Renegotiate if you can
If your noncompete agreement overreaches, try negotiating a shorter time frame or smaller geographic region. Although exceptions may apply, in most jurisdictions the courts may consider a contract overly broad and not enforceable as written if it restricts you from competing with a past employer on a national level or for more than two years, Troutman says. With any luck, your employer will see the wisdom in striking a compromise. After all, Troutman points out, “litigation is expensive.”
You also may have some leverage if you’re starting a business that’s related but doesn’t directly compete with the services your employer offers. “There may be some cooperative work and referrals that can happen,” says James Grove, who chairs the employment-law practice of Cleveland law firm Nicola, Gudbranson & Cooper. “So it may be in the employer’s best interest to trim down that noncompete.”

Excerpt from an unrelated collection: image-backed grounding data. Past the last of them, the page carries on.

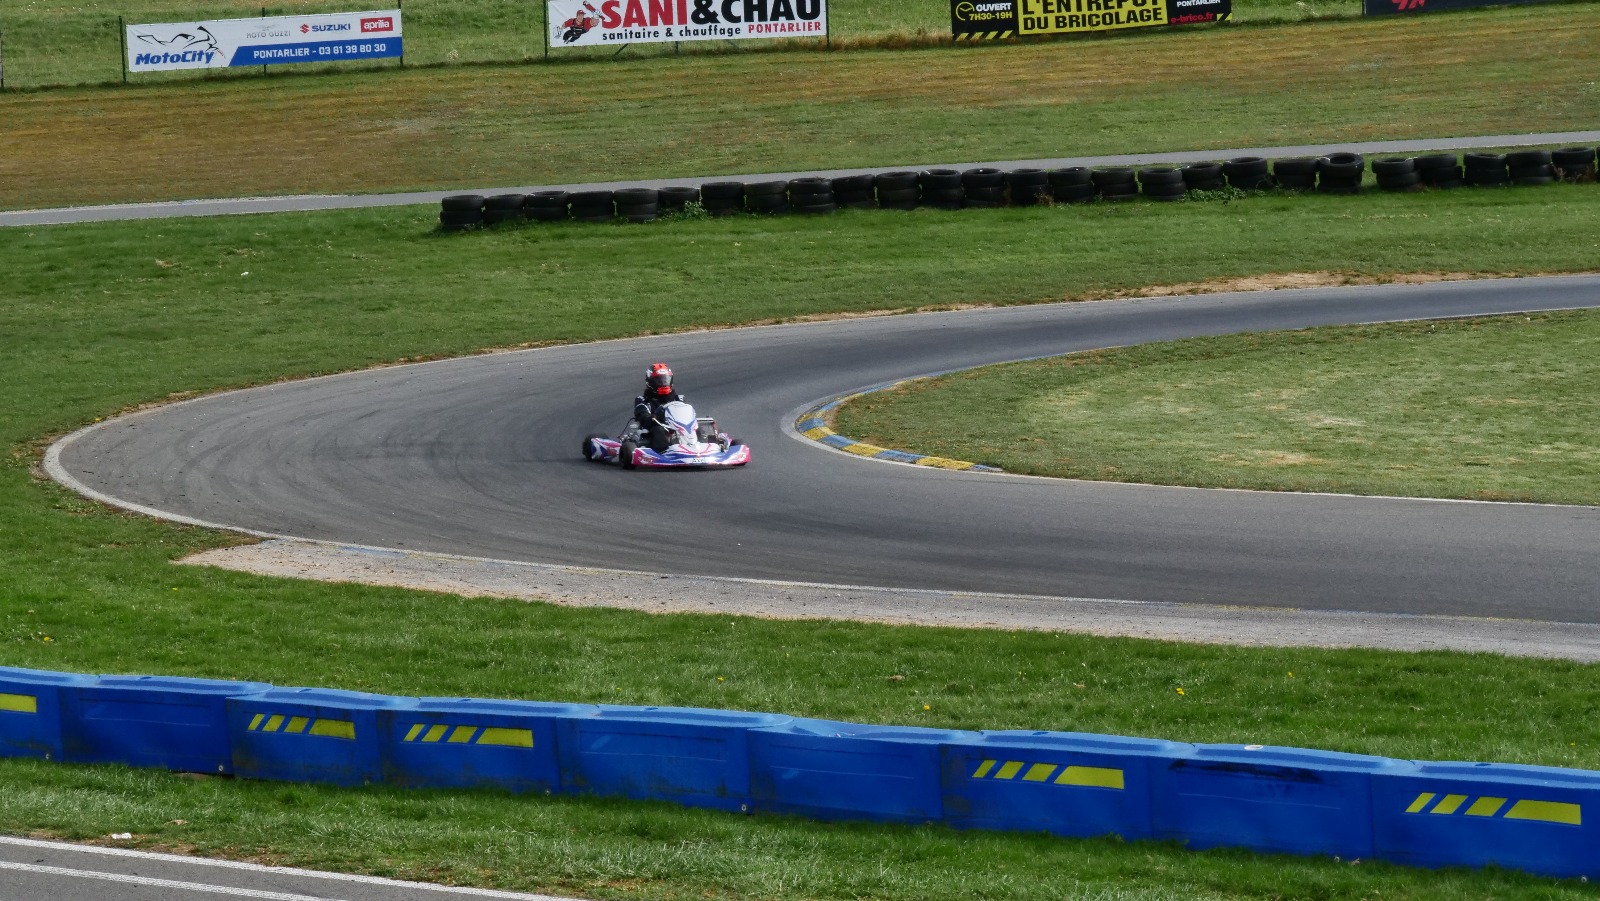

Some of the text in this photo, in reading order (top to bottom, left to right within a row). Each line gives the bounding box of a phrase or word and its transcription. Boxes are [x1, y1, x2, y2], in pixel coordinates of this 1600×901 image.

[975, 2, 1012, 12] OUVERT
[968, 11, 1013, 21] 7H30-19H
[1023, 7, 1163, 31] DU BRICOLAGE
[1171, 12, 1214, 23] e-brico.fr
[312, 23, 351, 33] SUZUKI
[363, 19, 391, 30] aprilia
[602, 21, 822, 41] sanitaire & chauffage PONTARLIER
[253, 47, 310, 59] PONTARLIER
[318, 45, 331, 56] 03
[333, 45, 343, 55] 81
[345, 44, 358, 54] 39
[360, 43, 372, 53] 80
[374, 43, 387, 53] 30
[135, 50, 214, 66] MotoCity
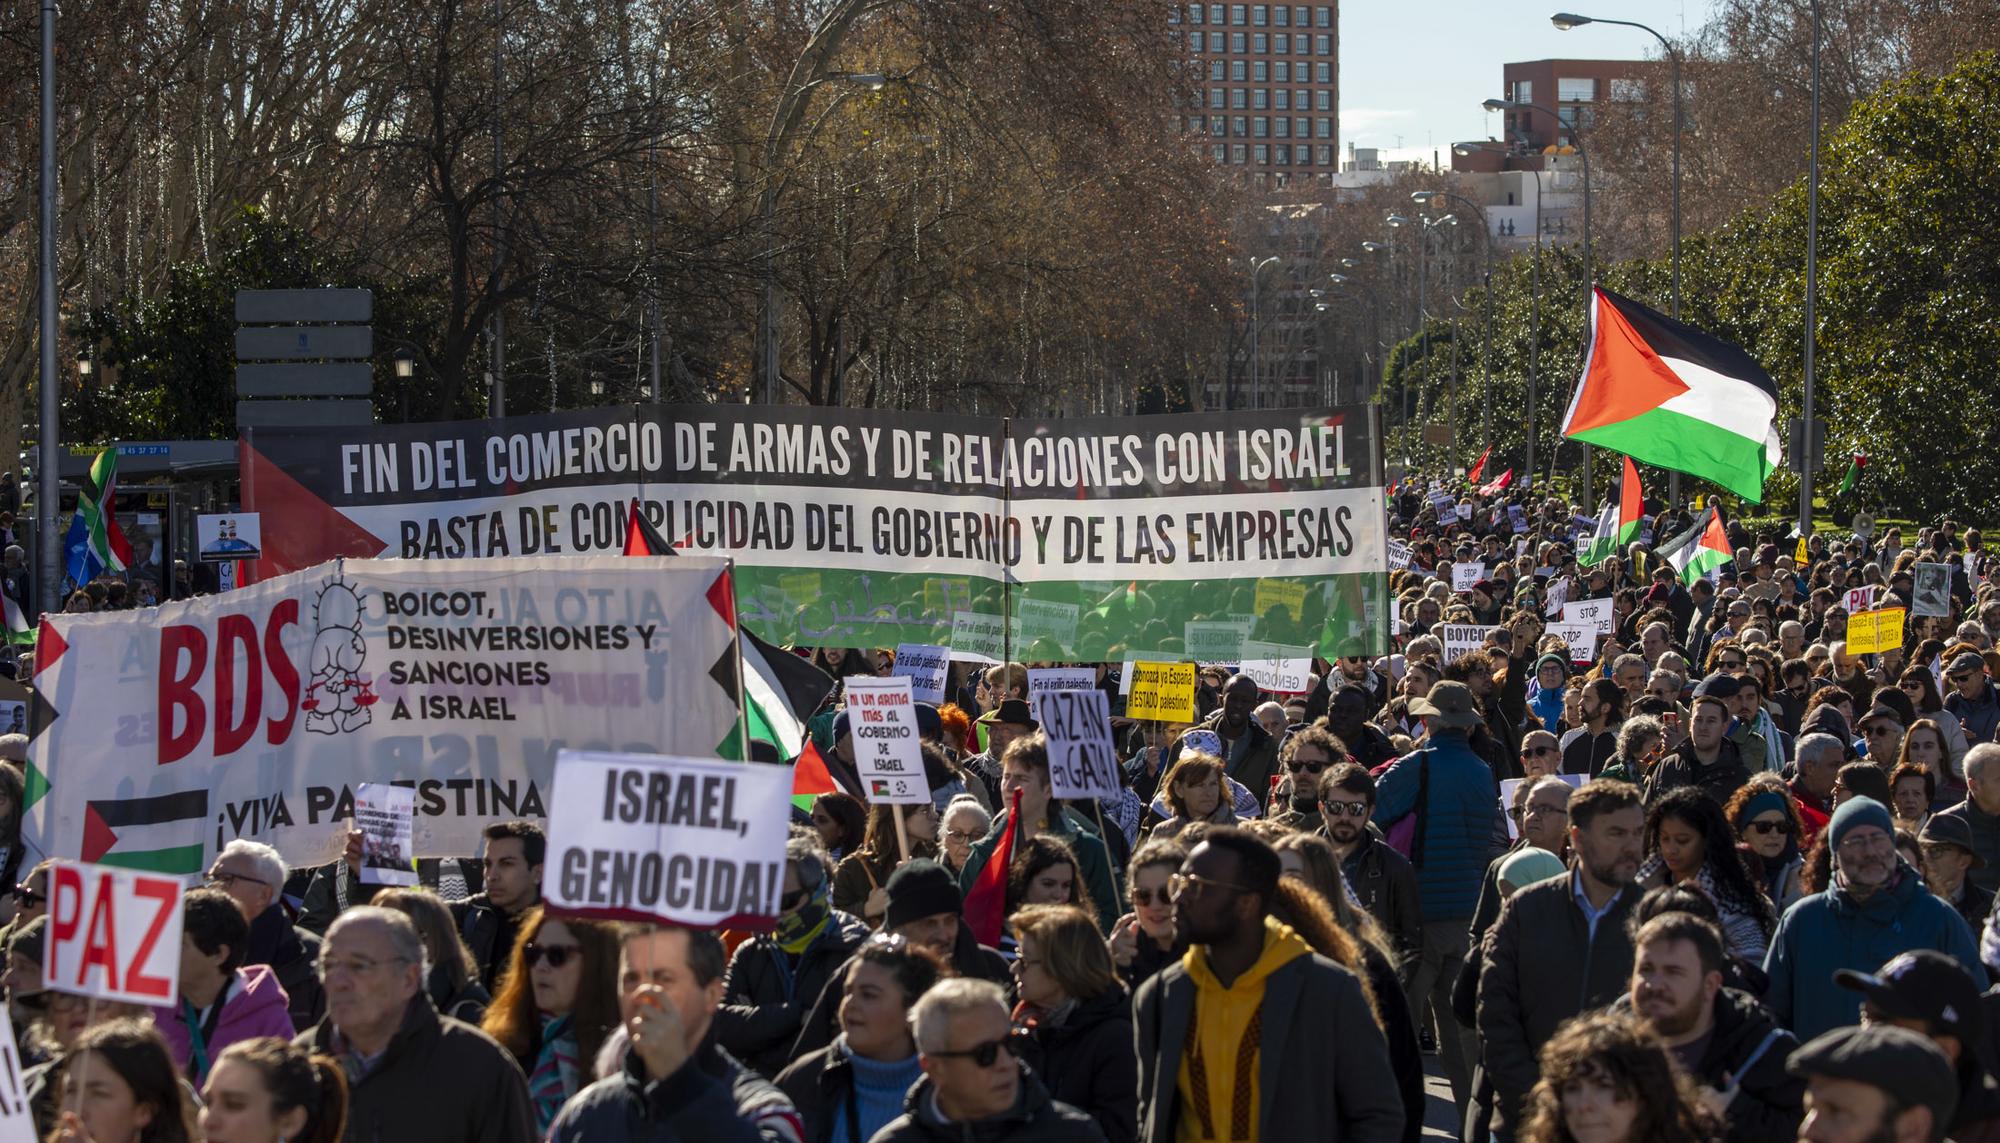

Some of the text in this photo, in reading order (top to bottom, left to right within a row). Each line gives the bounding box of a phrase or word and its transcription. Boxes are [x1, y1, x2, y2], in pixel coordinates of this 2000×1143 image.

[341, 422, 1351, 494] FIN DEL COMERCIO DE ARMAS Y DE RELACIONES CON ISRAEL
[400, 510, 510, 559] BASTA
[519, 504, 561, 555] DE
[806, 503, 863, 553] DEL
[872, 505, 1021, 566] GOBIERNO
[1031, 516, 1052, 564] Y
[1063, 516, 1104, 564] DE
[1116, 513, 1176, 564] LAS
[1186, 505, 1353, 563] EMPRESAS
[1463, 568, 1478, 578] STOP
[383, 591, 494, 619] BOICOT,
[1850, 588, 1871, 612] PA
[1580, 606, 1599, 619] STOP
[387, 624, 656, 651] DESINVERSIONES Y
[1446, 627, 1491, 642] BOYCO
[1561, 631, 1582, 643] STOP
[157, 598, 299, 764] BDS
[389, 661, 550, 686] SANCIONES
[1160, 671, 1168, 688] ya
[1169, 667, 1192, 688] España
[391, 695, 516, 721] A ISRAEL
[850, 692, 909, 706] NI UN ARMA
[1135, 690, 1158, 709] ESTADO
[1159, 692, 1190, 713] palestino!
[887, 710, 900, 722] AL
[1040, 692, 1106, 743] CAZAN
[858, 726, 911, 739] GOBIERNO
[878, 742, 890, 755] DE
[874, 758, 905, 772] ISRAEL
[1052, 764, 1069, 788] en
[603, 769, 749, 839] ISRAEL,
[217, 793, 294, 852] ¡VIVA
[560, 846, 781, 917] GENOCIDA!
[50, 869, 178, 1000] PAZ
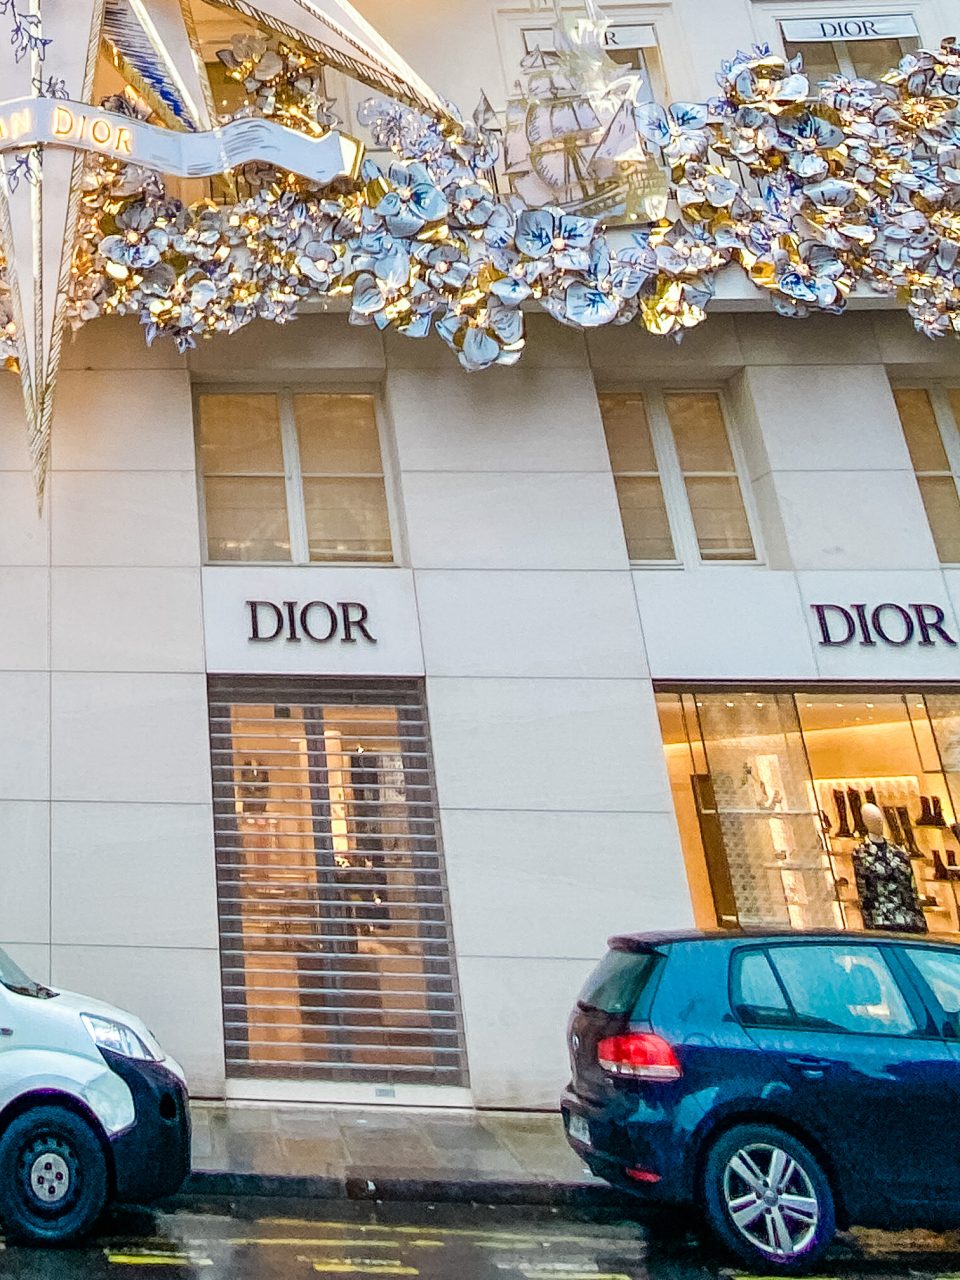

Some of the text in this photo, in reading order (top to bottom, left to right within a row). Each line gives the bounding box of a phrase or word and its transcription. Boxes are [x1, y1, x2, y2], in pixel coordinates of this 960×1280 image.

[819, 20, 881, 37] DIOR
[52, 106, 132, 155] DIOR
[246, 600, 377, 643] DIOR
[810, 602, 957, 647] DIOR
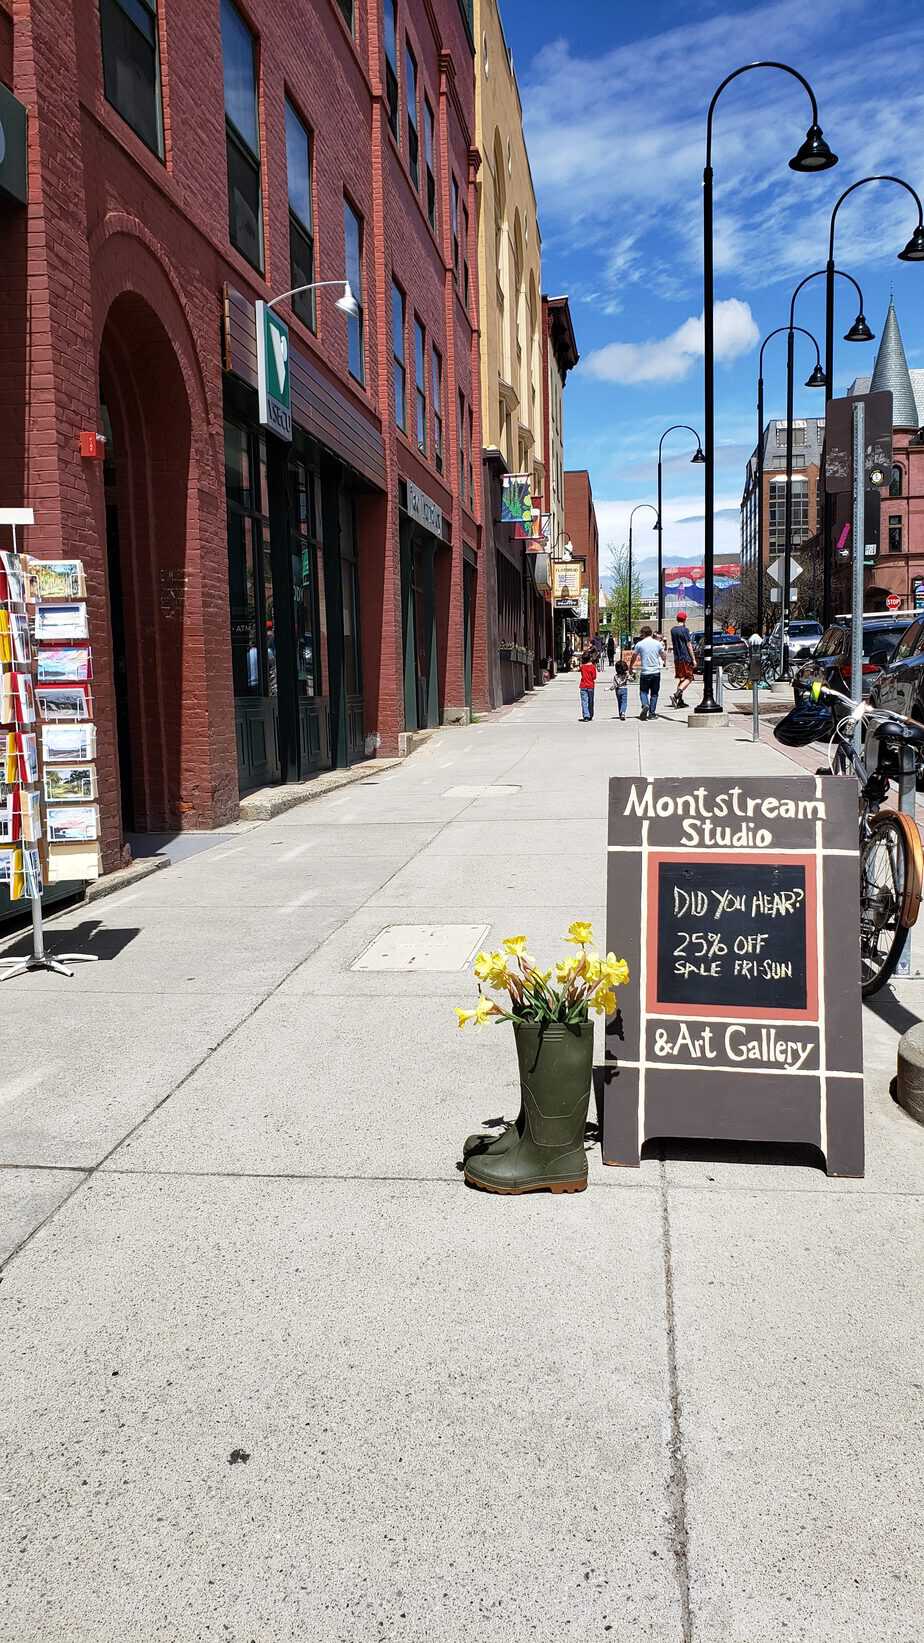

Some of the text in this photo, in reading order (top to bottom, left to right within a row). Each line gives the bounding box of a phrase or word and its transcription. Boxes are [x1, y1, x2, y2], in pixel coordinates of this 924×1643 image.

Noah Rosenfarb can attest to that. He left his position as partner at a CPA firm in 2007 to open Freedom Advisors, a wealth-management company in Boca Raton, Fla. Because Rosenfarb’s former employer didn’t offer the same type of service, he convinced the company to prune his noncompete agreement considerably. “What I negotiated was, ‘Let me go to my existing client base and say that this is what I’m doing,'” he says. In exchange, he agreed to refer clients needing CPA services to his former firm and avoid marketing himself to any of the firm’s clients with whom he didn’t already have a relationship.
Wait to compete
Sometimes the only option is to wait out your noncompete. But that doesn’t mean you have to sit idle. “You can prepare to compete,” Troutman says, noting that your employment contract and state laws will usually dictate how and when you can do so. In many states, for example, you can form a corporation during the noncompete period so long as active competition is not commenced during employment, according to Grove of Nicola, Gudbranson & Cooper. You also can work on your business plan, as long as you don’t tell customers what you’re up to.
Infinity Power Partners’ Selber and Altman played this waiting game for 90 days until the noncompete they had with their former employer expired. “There was no website, because you’re competing if you’ve got a website up,” Selber says. “There were no marketing materials. There were no business cards.” Former clients and suppliers had no idea where they’d gone; they just knew that the two had resigned.
Only when their noncompete ended did the pair reach out to their more than 150 former clients, painstakingly reassembling their contact lists from memory, their smartphones, the internet and business cards. “We didn’t walk away with anything when we resigned,” Selber says. “All we took were personal belongings.”
The risk paid off: When three months later Selber and Altman flipped the switch on their new business, former customers were thrilled to hear from them. “We estimate that we were successful in retaining about 90 percent of our old clients,” Selber says. The company quickly hit its year-one revenue goals, contracting more than seven figures worth of business in its first year.
As for how he handled the transition, including those three months in solitary, Selber has no regrets. “We negotiated that, and we were going to honor our word,” he says. “Making money’s great, but there’s a right way and a wrong way to do business. Being honest was key. I think it helped us in the long run.”